• Exercise brief:
Copy the listing below exactly, but skip the pictures.
==== Available records
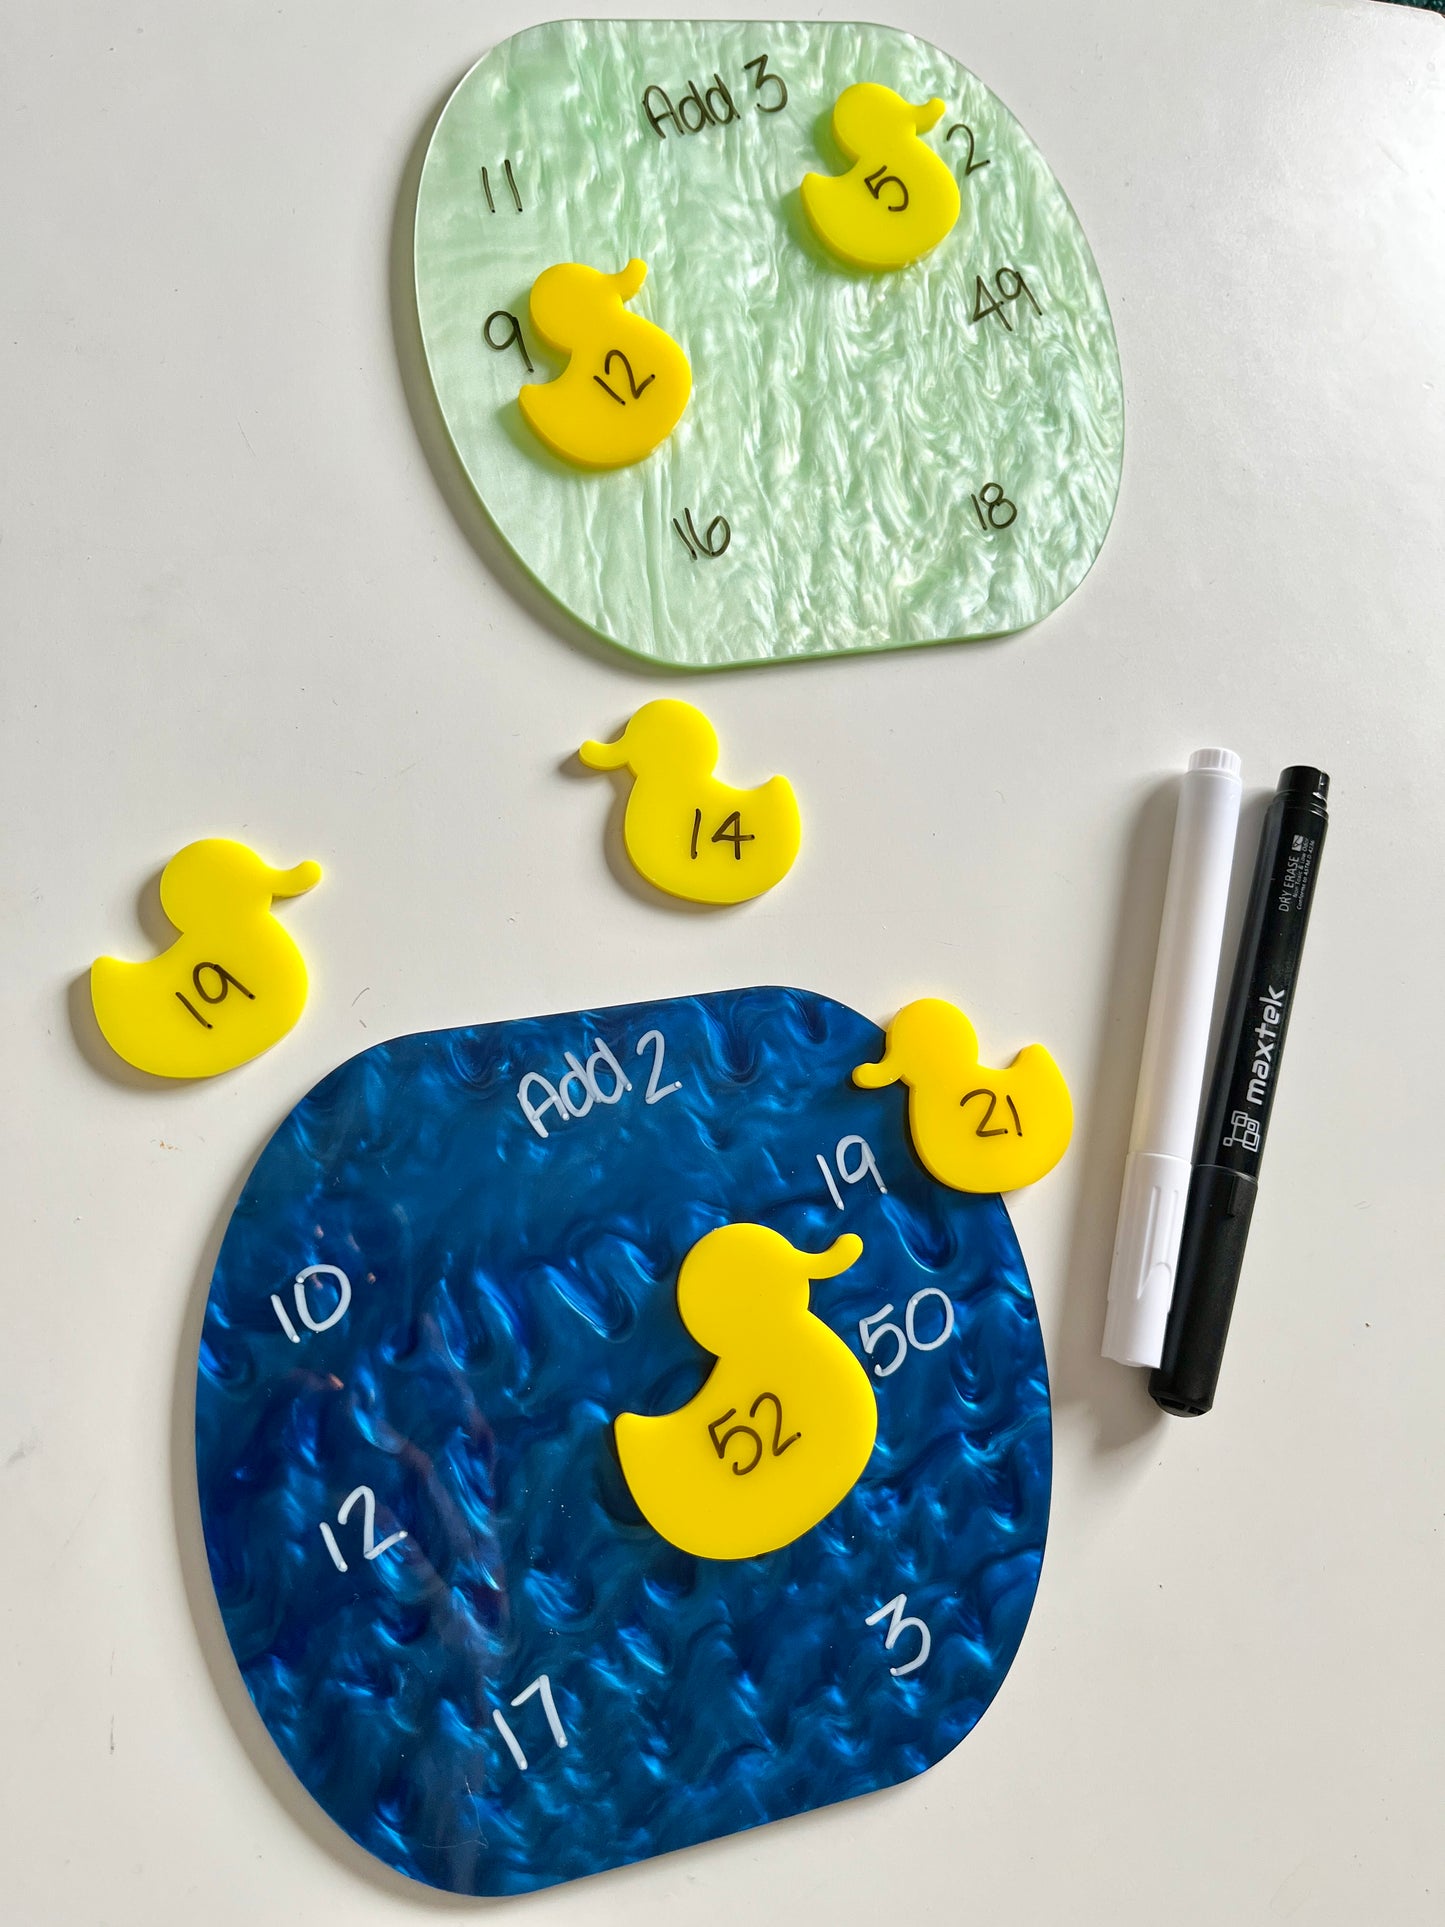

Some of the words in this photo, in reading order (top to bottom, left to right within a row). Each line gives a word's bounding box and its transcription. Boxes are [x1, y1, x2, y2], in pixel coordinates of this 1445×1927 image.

[642, 74, 740, 138] Add
[744, 54, 789, 112] 3
[946, 123, 991, 175] 2
[481, 158, 523, 213] 11
[863, 164, 910, 212] 5
[972, 267, 1043, 331] 49
[483, 310, 534, 373] 9
[593, 349, 656, 405] 12
[673, 507, 731, 560] 16
[970, 482, 1018, 531] 18
[691, 807, 755, 860] 14
[1278, 889, 1292, 912] DRY
[1283, 856, 1300, 888] ERASE
[175, 961, 255, 1030] 19
[1246, 985, 1285, 1105] maxtek
[517, 1037, 632, 1138] Add
[636, 1029, 683, 1105] 2
[960, 1088, 1023, 1138] 21
[816, 1134, 888, 1211] 19
[271, 1263, 352, 1343] 10
[859, 1287, 955, 1377] 50
[707, 1392, 802, 1476] 52
[319, 1485, 408, 1572] 12
[866, 1594, 933, 1677] 3
[492, 1674, 568, 1771] 17
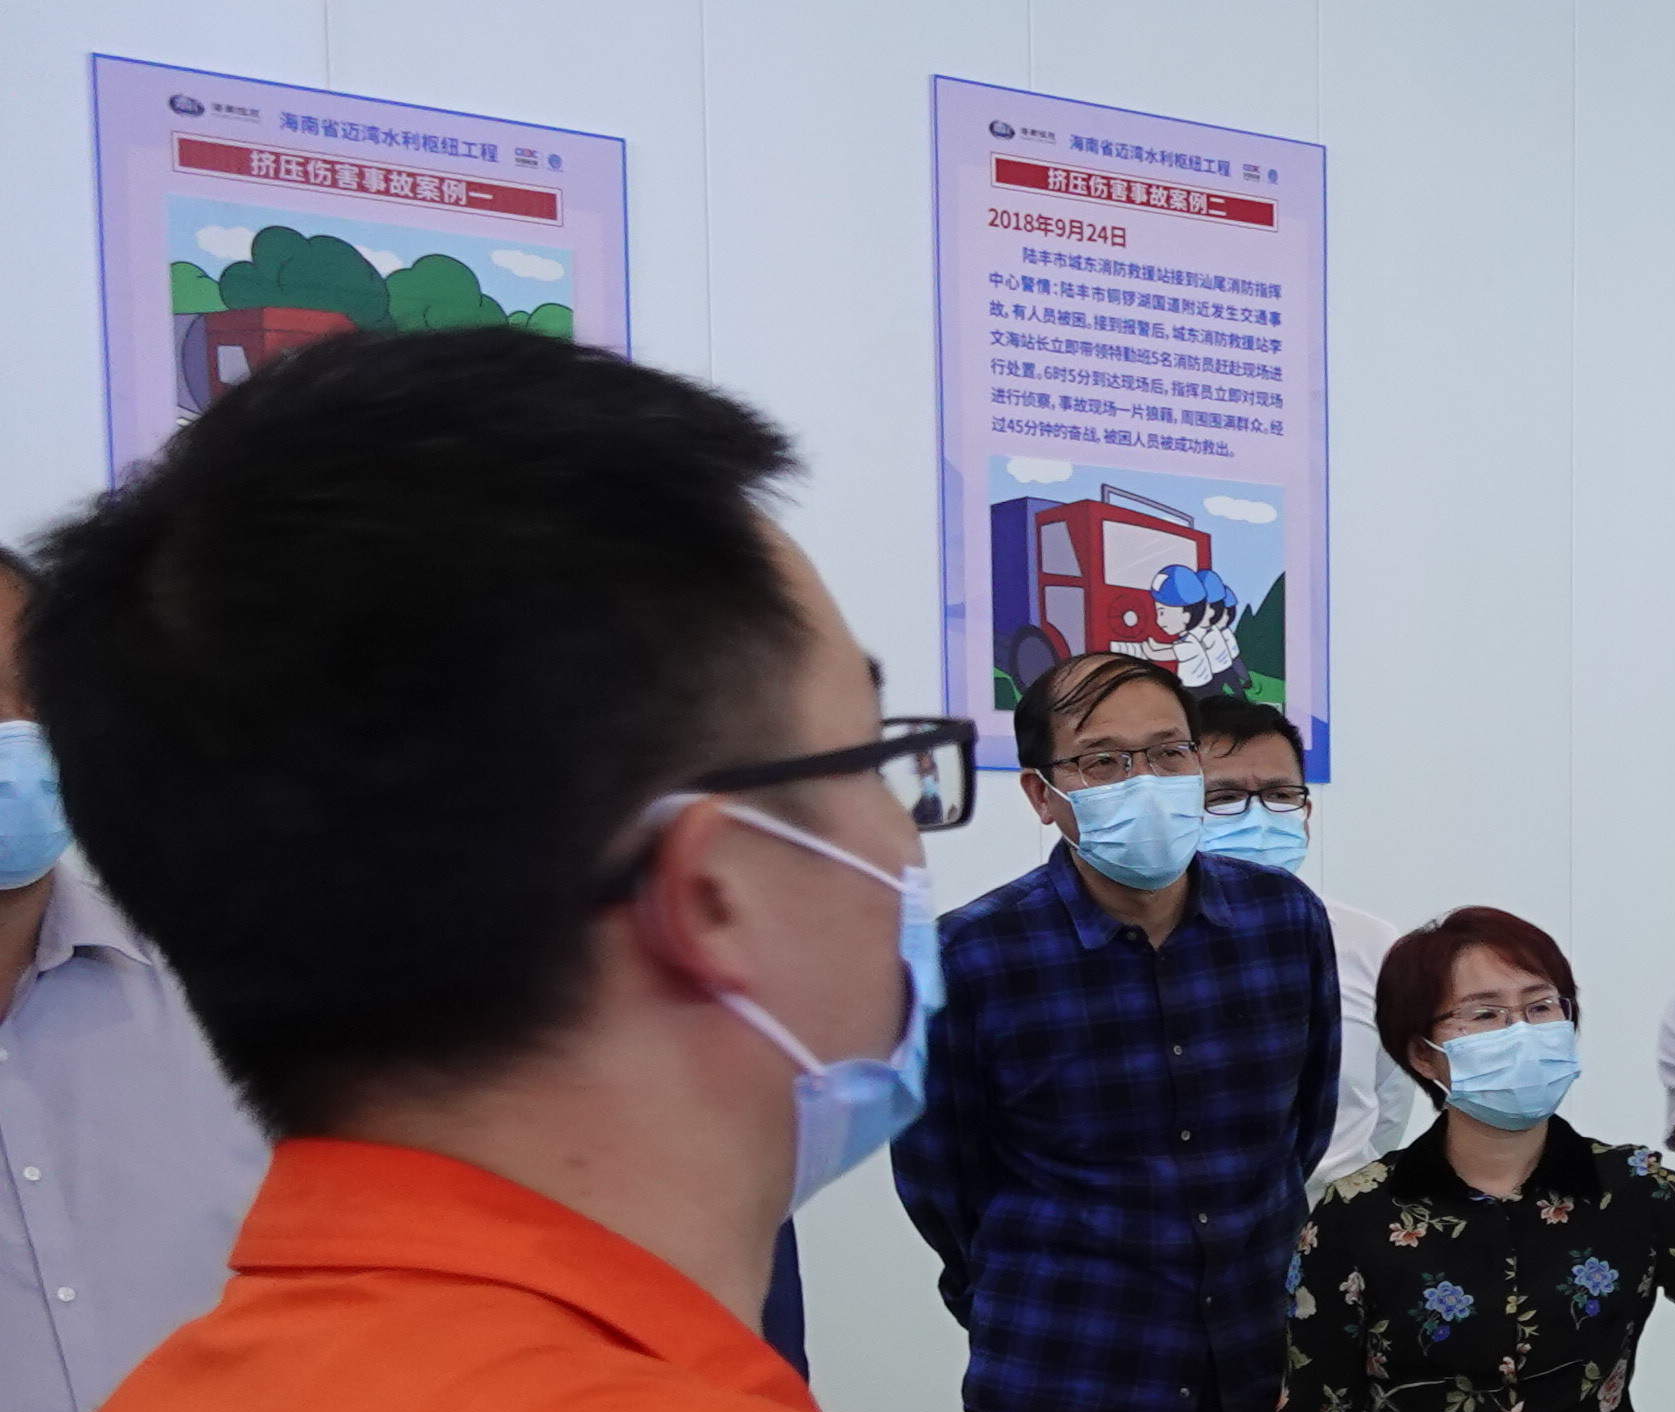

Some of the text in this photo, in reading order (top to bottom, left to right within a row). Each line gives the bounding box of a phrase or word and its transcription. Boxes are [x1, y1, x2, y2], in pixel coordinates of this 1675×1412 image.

[280, 112, 498, 163] 海南省迈湾水利枢纽工程
[1070, 134, 1231, 178] 海南省迈湾水利枢纽工程
[250, 150, 494, 204] 挤压伤害事故案例一
[1048, 168, 1226, 217] 挤压伤害事故案例二
[988, 208, 1127, 248] 2018年9月24日
========
• Answer space:
Some of the words in this photo, in reading order (top to bottom, left to right within a row). Each line gives a word's bounding box and its transcription. Boxes are [x1, y1, x2, y2], in pixel coordinates of this 1445×1927 image.

[642, 74, 740, 138] Add
[744, 54, 789, 112] 3
[946, 123, 991, 175] 2
[481, 158, 523, 213] 11
[863, 164, 910, 212] 5
[972, 267, 1043, 331] 49
[483, 310, 534, 373] 9
[593, 349, 656, 405] 12
[673, 507, 731, 560] 16
[970, 482, 1018, 531] 18
[691, 807, 755, 860] 14
[1278, 889, 1292, 912] DRY
[1283, 856, 1300, 888] ERASE
[175, 961, 255, 1030] 19
[1246, 985, 1285, 1105] maxtek
[517, 1037, 632, 1138] Add
[636, 1029, 683, 1105] 2
[960, 1088, 1023, 1138] 21
[816, 1134, 888, 1211] 19
[271, 1263, 352, 1343] 10
[859, 1287, 955, 1377] 50
[707, 1392, 802, 1476] 52
[319, 1485, 408, 1572] 12
[866, 1594, 933, 1677] 3
[492, 1674, 568, 1771] 17

Some of the text in this photo, in reading order (top to bottom, left to right within a row). Each line gives the bounding box of a phrase or word and its transcription. Boxes are [x1, y1, x2, y2], in pixel coordinates of this 1675×1412 image.

[280, 112, 498, 163] 海南省迈湾水利枢纽工程
[1070, 134, 1231, 178] 海南省迈湾水利枢纽工程
[250, 150, 494, 204] 挤压伤害事故案例一
[1048, 168, 1226, 217] 挤压伤害事故案例二
[988, 208, 1127, 248] 2018年9月24日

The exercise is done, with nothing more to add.